Free-text object descriptions
=======
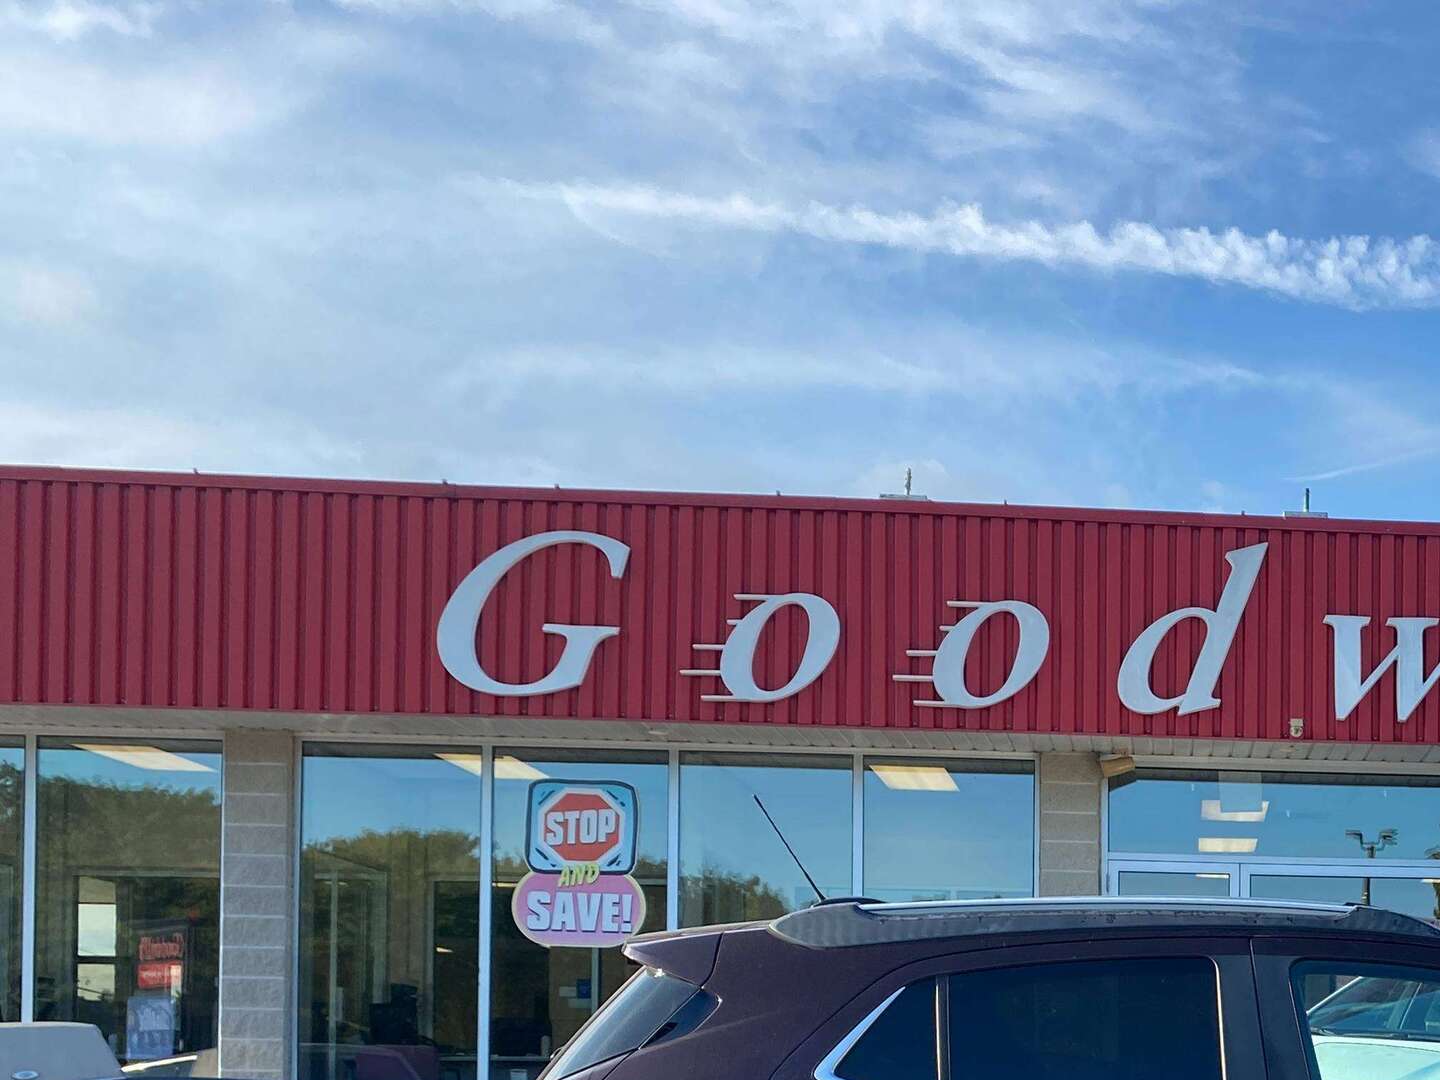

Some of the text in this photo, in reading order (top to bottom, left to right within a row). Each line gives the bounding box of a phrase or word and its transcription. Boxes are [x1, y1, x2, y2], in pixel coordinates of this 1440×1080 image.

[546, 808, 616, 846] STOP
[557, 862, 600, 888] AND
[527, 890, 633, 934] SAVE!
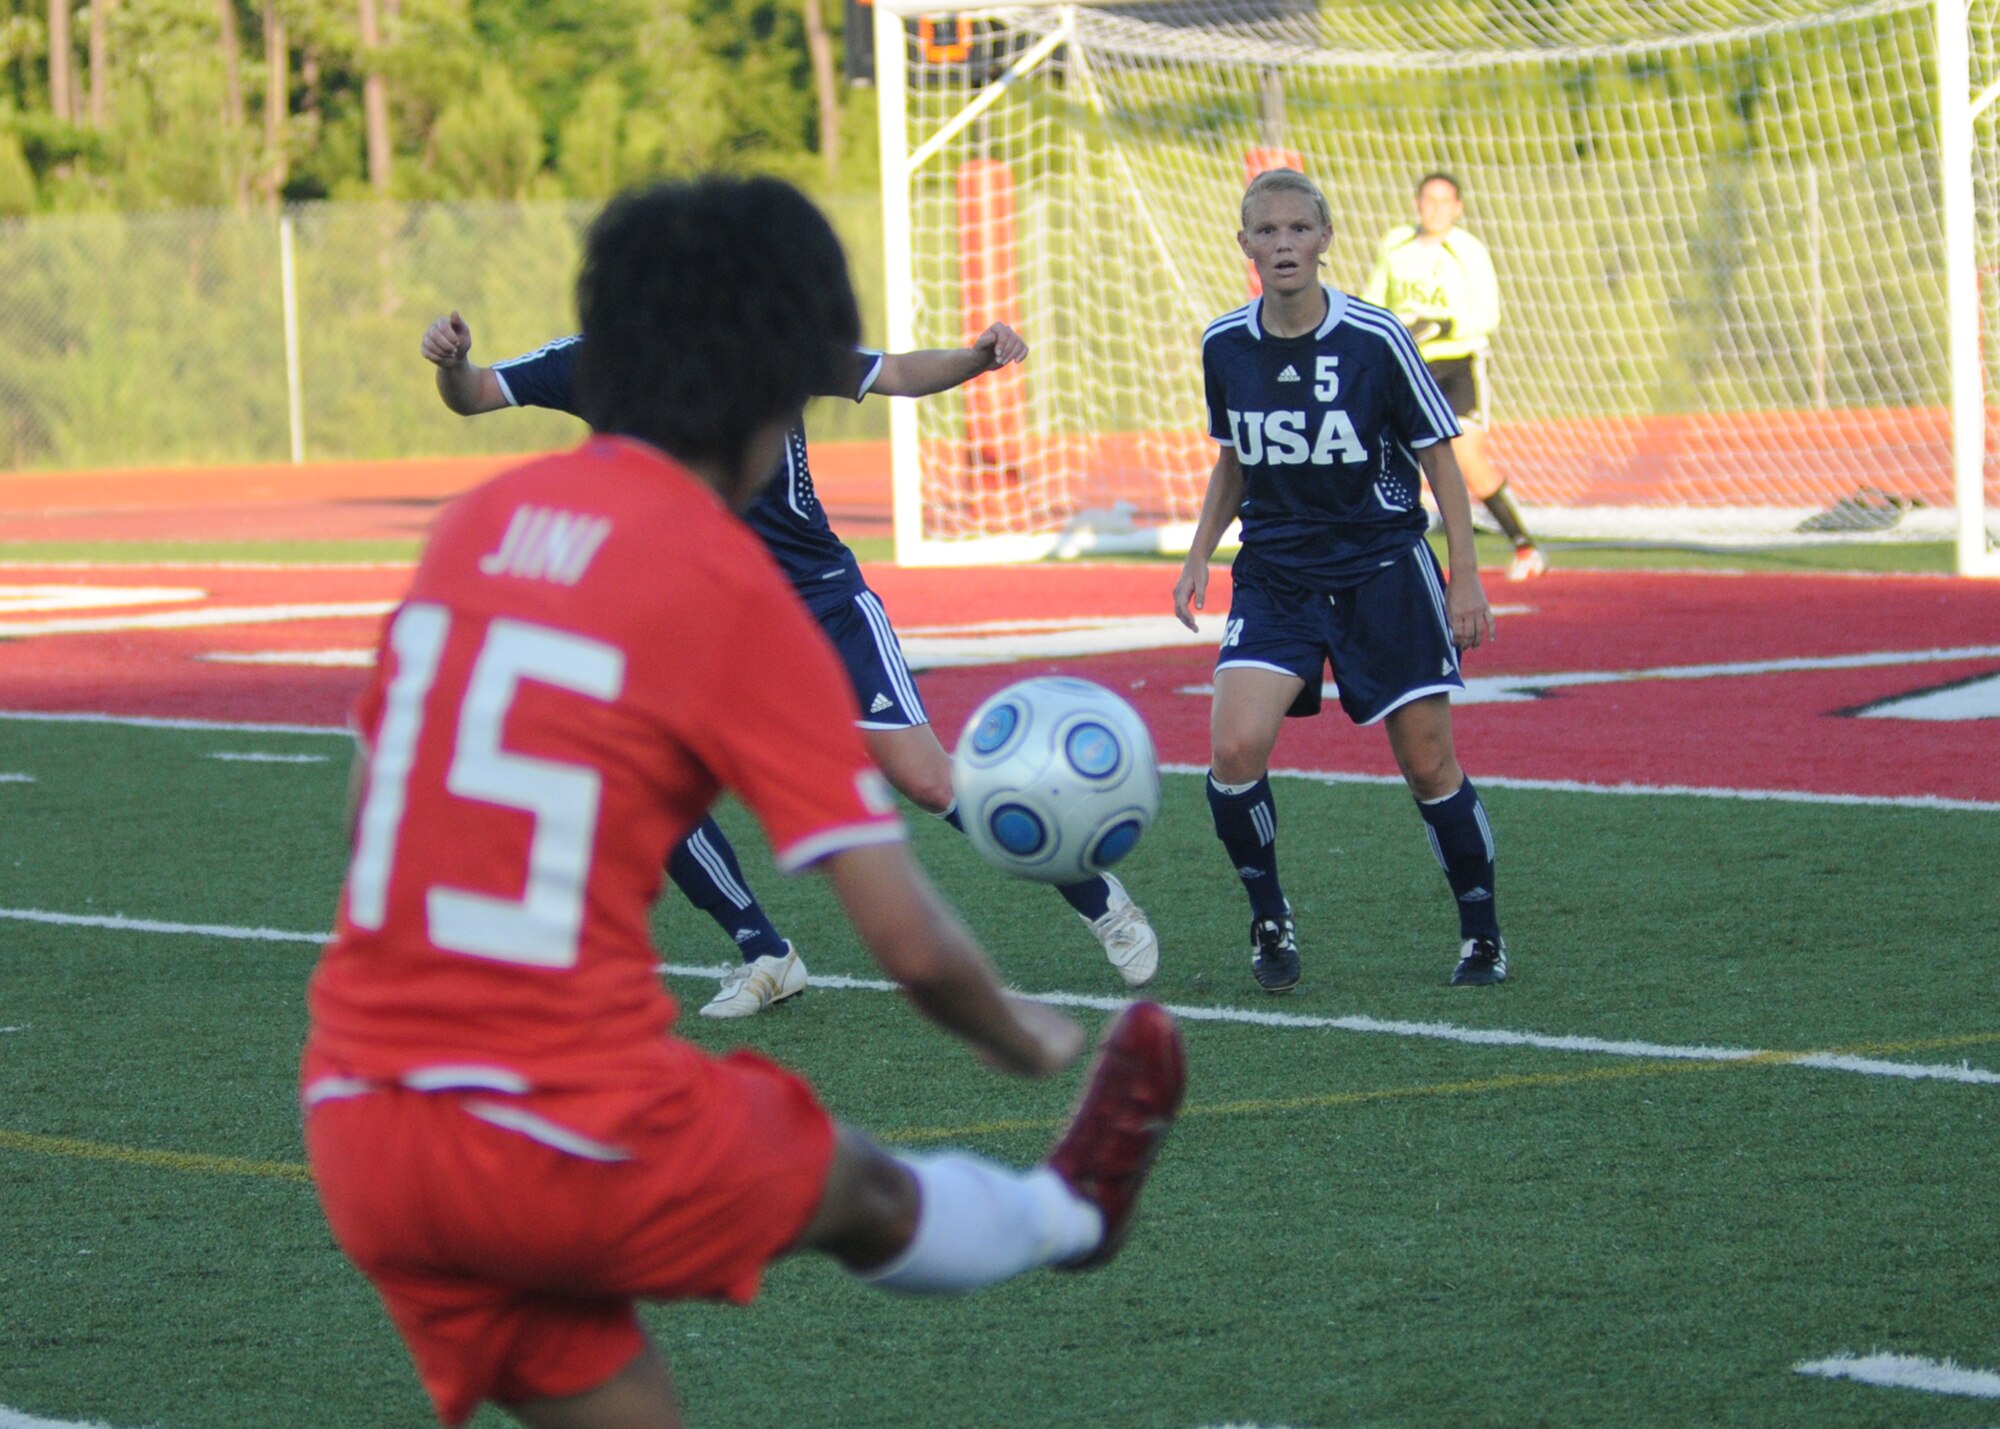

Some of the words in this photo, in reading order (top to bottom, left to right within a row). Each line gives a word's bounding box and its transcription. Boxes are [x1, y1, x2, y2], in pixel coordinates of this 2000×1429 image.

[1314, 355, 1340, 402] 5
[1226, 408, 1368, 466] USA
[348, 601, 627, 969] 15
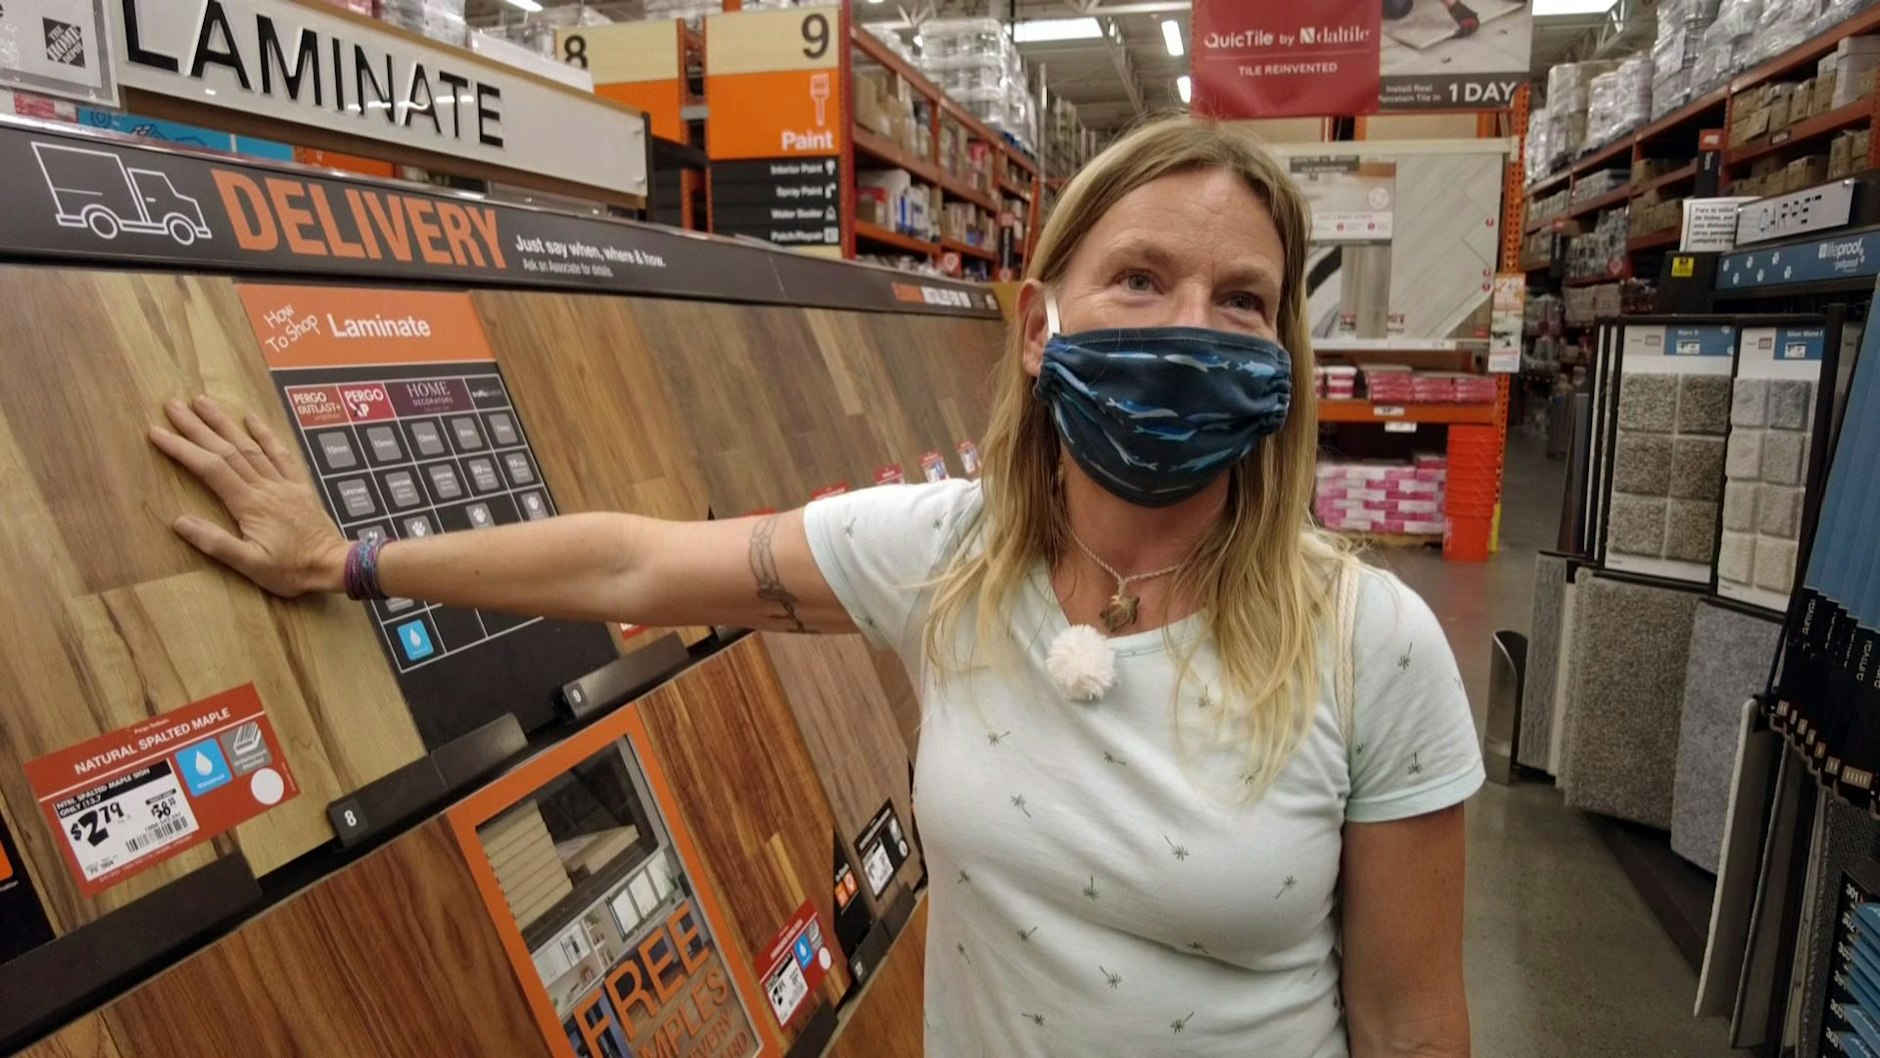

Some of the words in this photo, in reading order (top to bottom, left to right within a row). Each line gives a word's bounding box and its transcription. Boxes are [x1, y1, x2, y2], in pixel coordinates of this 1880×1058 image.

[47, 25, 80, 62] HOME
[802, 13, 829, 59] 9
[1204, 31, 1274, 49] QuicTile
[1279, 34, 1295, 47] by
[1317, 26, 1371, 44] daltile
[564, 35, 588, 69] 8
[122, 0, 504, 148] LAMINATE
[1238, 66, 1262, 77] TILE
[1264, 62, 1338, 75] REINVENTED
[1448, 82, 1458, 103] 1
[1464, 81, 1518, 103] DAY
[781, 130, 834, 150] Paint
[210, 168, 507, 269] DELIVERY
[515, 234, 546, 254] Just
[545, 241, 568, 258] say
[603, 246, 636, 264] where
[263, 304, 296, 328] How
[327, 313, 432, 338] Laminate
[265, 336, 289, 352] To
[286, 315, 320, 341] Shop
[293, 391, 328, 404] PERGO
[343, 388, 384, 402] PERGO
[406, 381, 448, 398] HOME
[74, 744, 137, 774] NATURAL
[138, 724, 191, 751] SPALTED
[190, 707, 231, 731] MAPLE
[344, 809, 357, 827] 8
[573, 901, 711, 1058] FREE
=======
WORK TO BE COMPLETED> A faithful copy of all the lines above is needed, with the pictures omitted.

FINAL ANSWER>
Some of the text in this photo, in reading order (top to bottom, left to right within a row). Each line gives the bounding box of a phrase or word and its transcription. Boxes are [x1, y1, x2, y2], in pixel coordinates of this 1440×1080 image.

[546, 808, 616, 846] STOP
[557, 862, 600, 888] AND
[527, 890, 633, 934] SAVE!

Some of the words in this photo, in reading order (top to bottom, left to right within a row). Each line gives a word's bounding box and its transcription. Boxes are [x1, y1, x2, y2], in pixel coordinates of this 2000×1429 image.

[1314, 355, 1340, 402] 5
[1226, 408, 1368, 466] USA
[348, 601, 627, 969] 15

Some of the words in this photo, in reading order (top to bottom, left to right within a row). Each line gives a word's bounding box and its transcription. Boxes are [x1, y1, x2, y2], in pixel coordinates of this 1880×1058 image.

[47, 25, 80, 62] HOME
[802, 13, 829, 59] 9
[1204, 31, 1274, 49] QuicTile
[1279, 34, 1295, 47] by
[1317, 26, 1371, 44] daltile
[564, 35, 588, 69] 8
[122, 0, 504, 148] LAMINATE
[1238, 66, 1262, 77] TILE
[1264, 62, 1338, 75] REINVENTED
[1448, 82, 1458, 103] 1
[1464, 81, 1518, 103] DAY
[781, 130, 834, 150] Paint
[210, 168, 507, 269] DELIVERY
[515, 234, 546, 254] Just
[545, 241, 568, 258] say
[603, 246, 636, 264] where
[263, 304, 296, 328] How
[327, 313, 432, 338] Laminate
[265, 336, 289, 352] To
[286, 315, 320, 341] Shop
[293, 391, 328, 404] PERGO
[343, 388, 384, 402] PERGO
[406, 381, 448, 398] HOME
[74, 744, 137, 774] NATURAL
[138, 724, 191, 751] SPALTED
[190, 707, 231, 731] MAPLE
[344, 809, 357, 827] 8
[573, 901, 711, 1058] FREE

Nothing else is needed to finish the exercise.